Evaluation and application of Bayesian multi-model estimation in temperature simulations

Abstract

Use of multi-model ensembles from global climate models to simulate the current and future climate change has flourished as a research topic during recent decades. This paper assesses the performance of multi-model ensembles in simulating global land temperature from 1960 to 1999, using Nash-Sutcliffe model efficiency and Taylor diagrams. The future trends of temperature for different scales and emission scenarios are projected based on the posterior model probabilities estimated by Bayesian methods.
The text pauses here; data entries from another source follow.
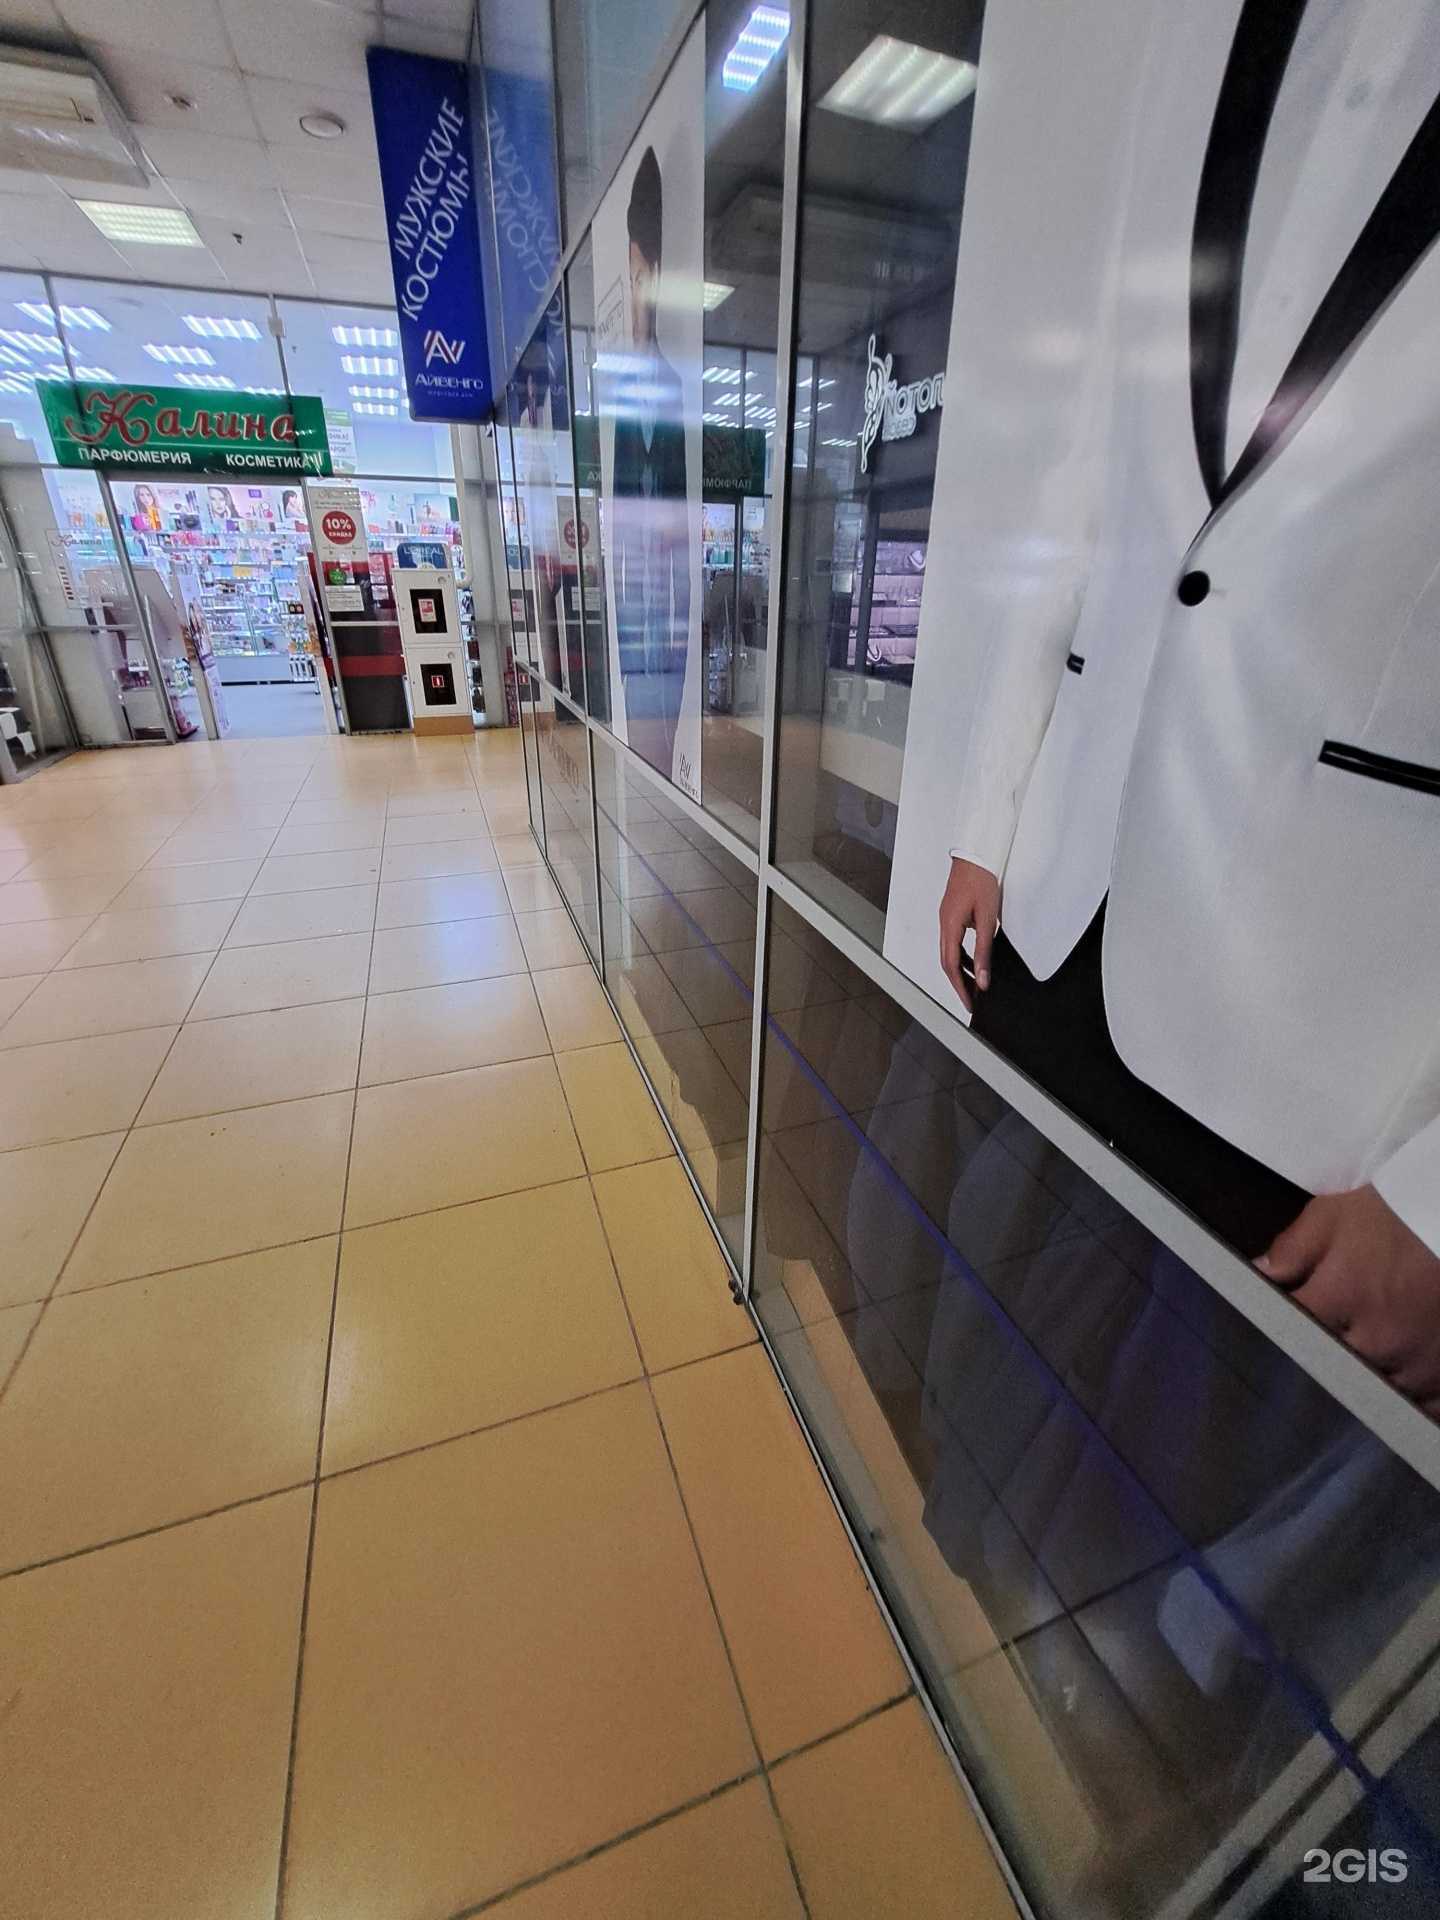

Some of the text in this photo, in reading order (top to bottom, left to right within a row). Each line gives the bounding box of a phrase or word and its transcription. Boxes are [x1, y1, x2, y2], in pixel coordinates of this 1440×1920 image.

[394, 98, 464, 260] МУЖСКИЕ
[402, 153, 470, 322] КОСТЮМЫ
[64, 389, 298, 447] Калина
[78, 446, 311, 469] ПАРФЮМЕРИЯ КОСМЕТИКА
[325, 517, 352, 531] 10%
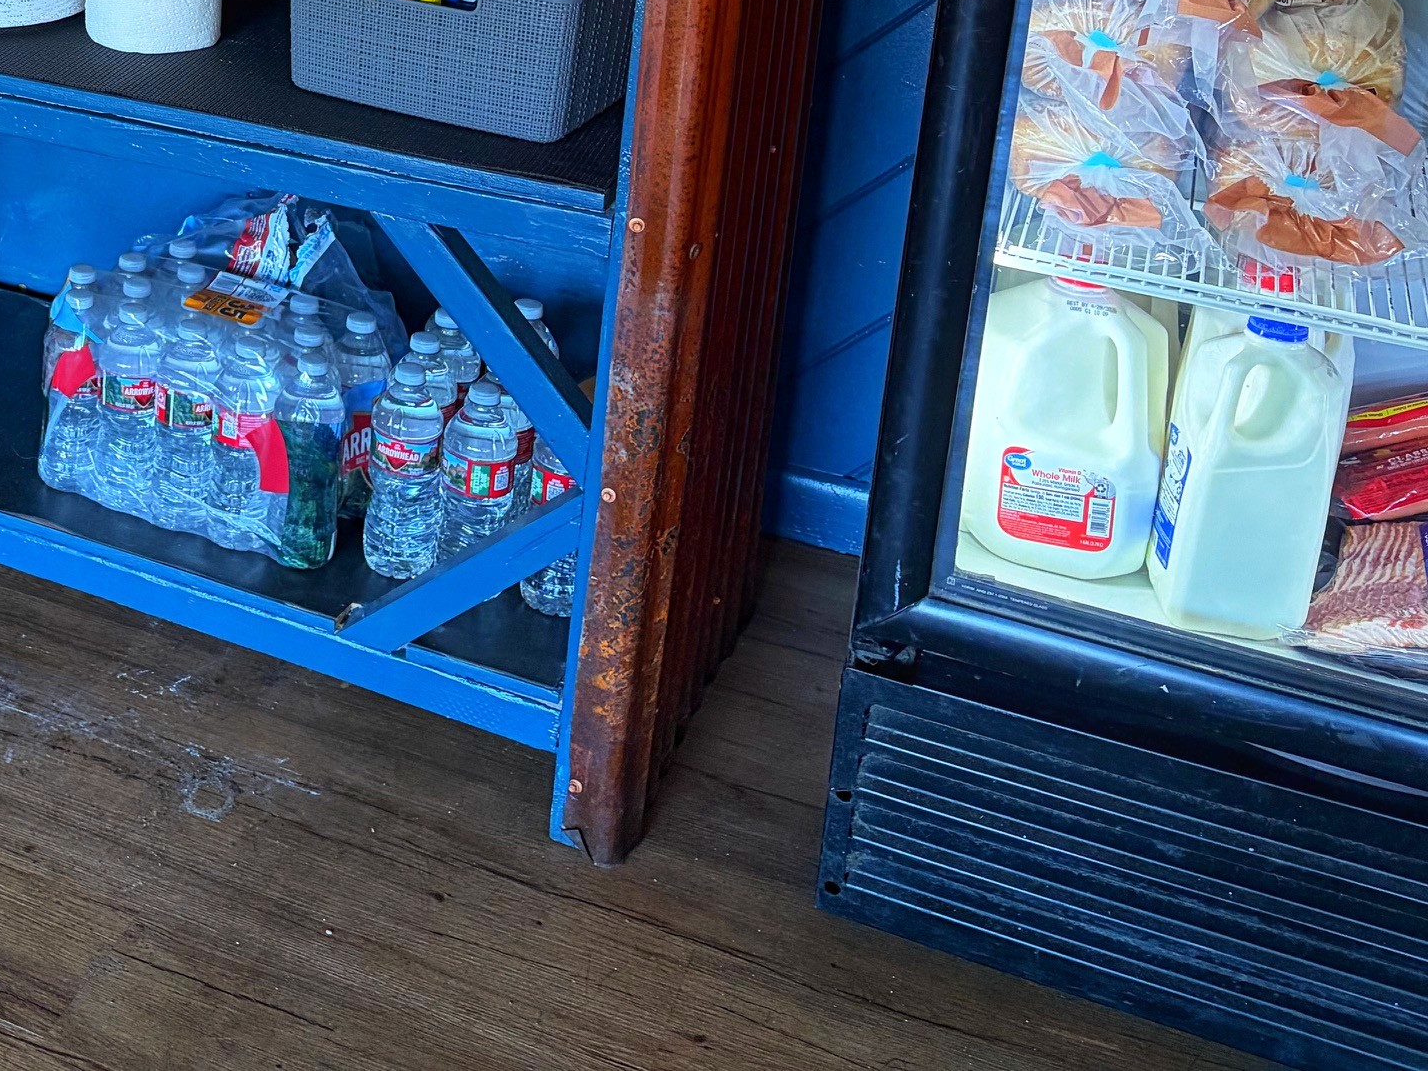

The results show that ensemble prediction can improve the accuracy of simulations of the spatiotemporal distribution of global temperature. The performance of Bayesian model averaging (BMA) at simulating the annual temperature dynamic is significantly better than single climate models and their simple model averaging (SMA). However, BMA simulation can demonstrate the temperature trend on the decadal scale, but its annual assessment of accuracy is relatively weak. The ensemble prediction presents dissimilarly accurate descriptions in different regions, and the best performance appears in Australia. The results also indicate that future temperatures in northern Asia rise with the greatest speed in some scenarios, and Australia is the most sensitive region for the effects of greenhouse gas emissions. In addition to the uncertainty of ensemble prediction, the impacts of climate change on agriculture production and water resources are discussed as an extension of this research.